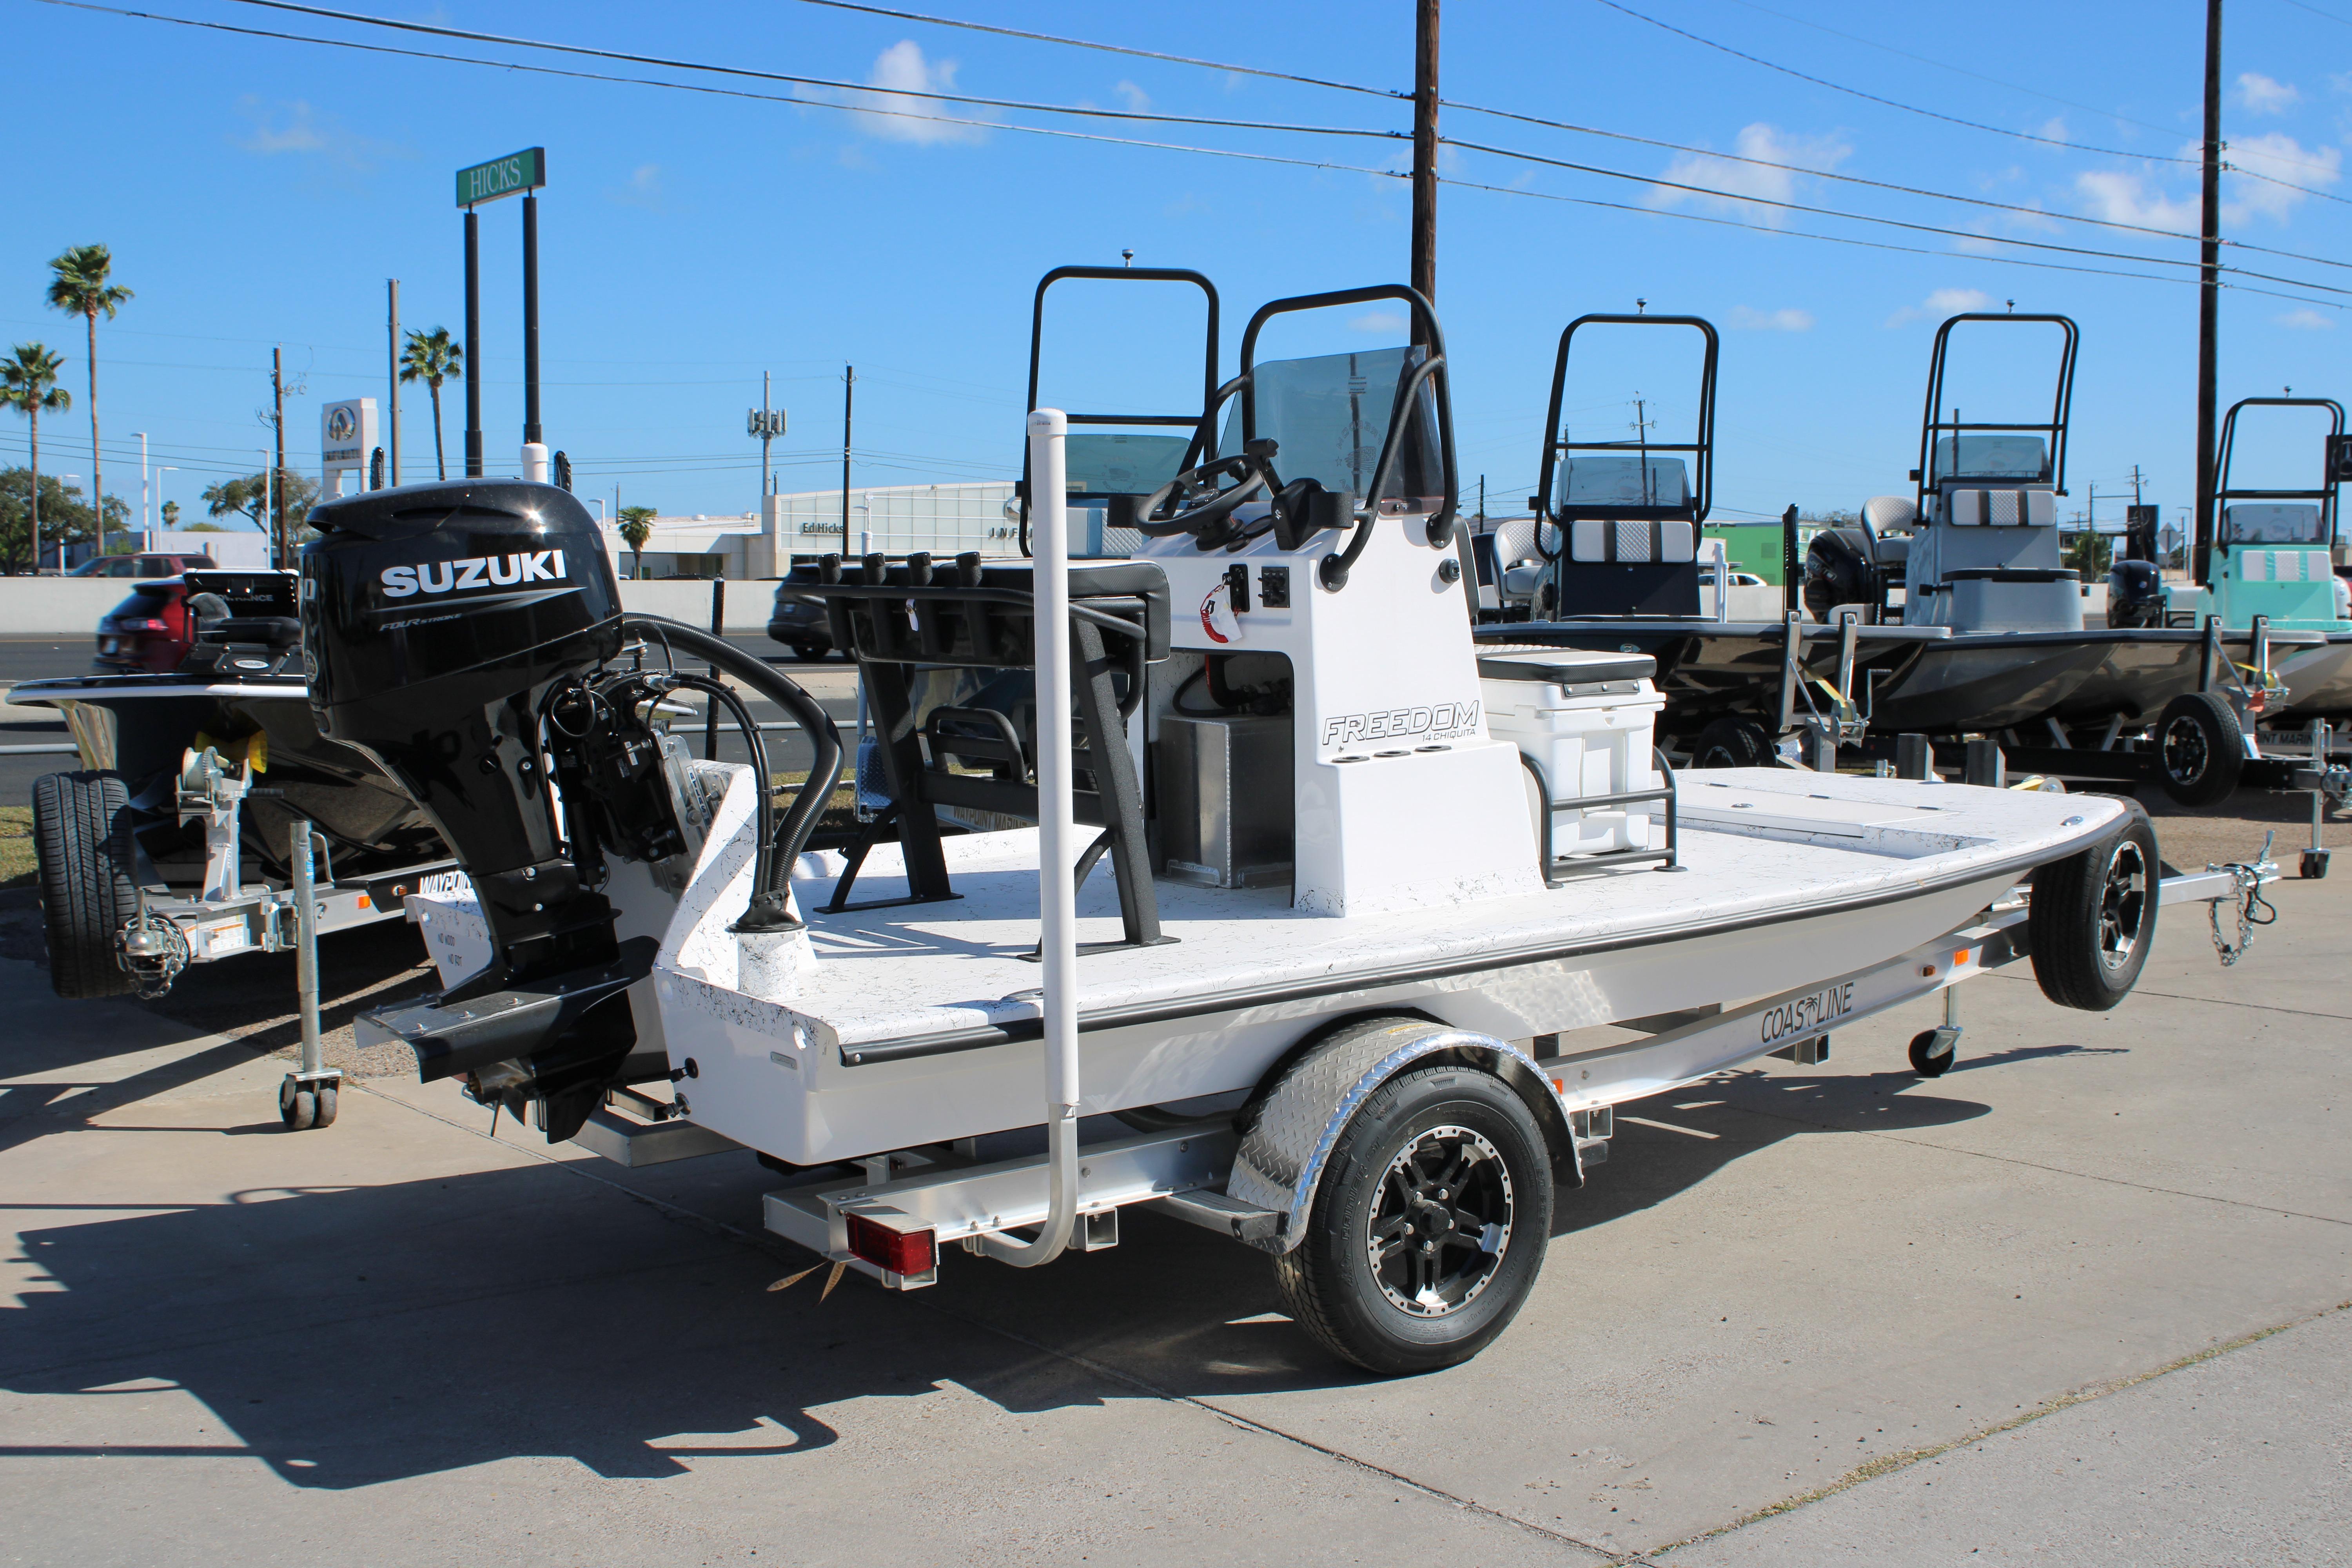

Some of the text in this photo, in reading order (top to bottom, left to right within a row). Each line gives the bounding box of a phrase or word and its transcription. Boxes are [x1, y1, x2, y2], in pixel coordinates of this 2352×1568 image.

[470, 158, 521, 198] HICKS
[381, 550, 566, 597] SUZUKI
[1322, 700, 1479, 745] FREEDOM
[1422, 728, 1475, 742] 14 CHIQUITA
[689, 772, 706, 813] ATLAS
[953, 806, 993, 829] WAYPOINT
[419, 870, 472, 894] WAYPOIN
[438, 933, 455, 946] NO WOOD
[448, 953, 454, 964] NO
[1341, 1164, 1367, 1241] RAINIER

**What this task involves**
An exact copy of the entries, minus the pictures, is what to return.

**Response for this exercise**
Some of the text in this photo, in reading order (top to bottom, left to right within a row). Each line gives the bounding box of a phrase or word and its transcription. Boxes are [x1, y1, x2, y2], in pixel coordinates of this 2352×1568 image.

[470, 158, 521, 198] HICKS
[381, 550, 566, 597] SUZUKI
[1322, 700, 1479, 745] FREEDOM
[1422, 728, 1475, 742] 14 CHIQUITA
[689, 772, 706, 813] ATLAS
[953, 806, 993, 829] WAYPOINT
[419, 870, 472, 894] WAYPOIN
[438, 933, 455, 946] NO WOOD
[448, 953, 454, 964] NO
[1341, 1164, 1367, 1241] RAINIER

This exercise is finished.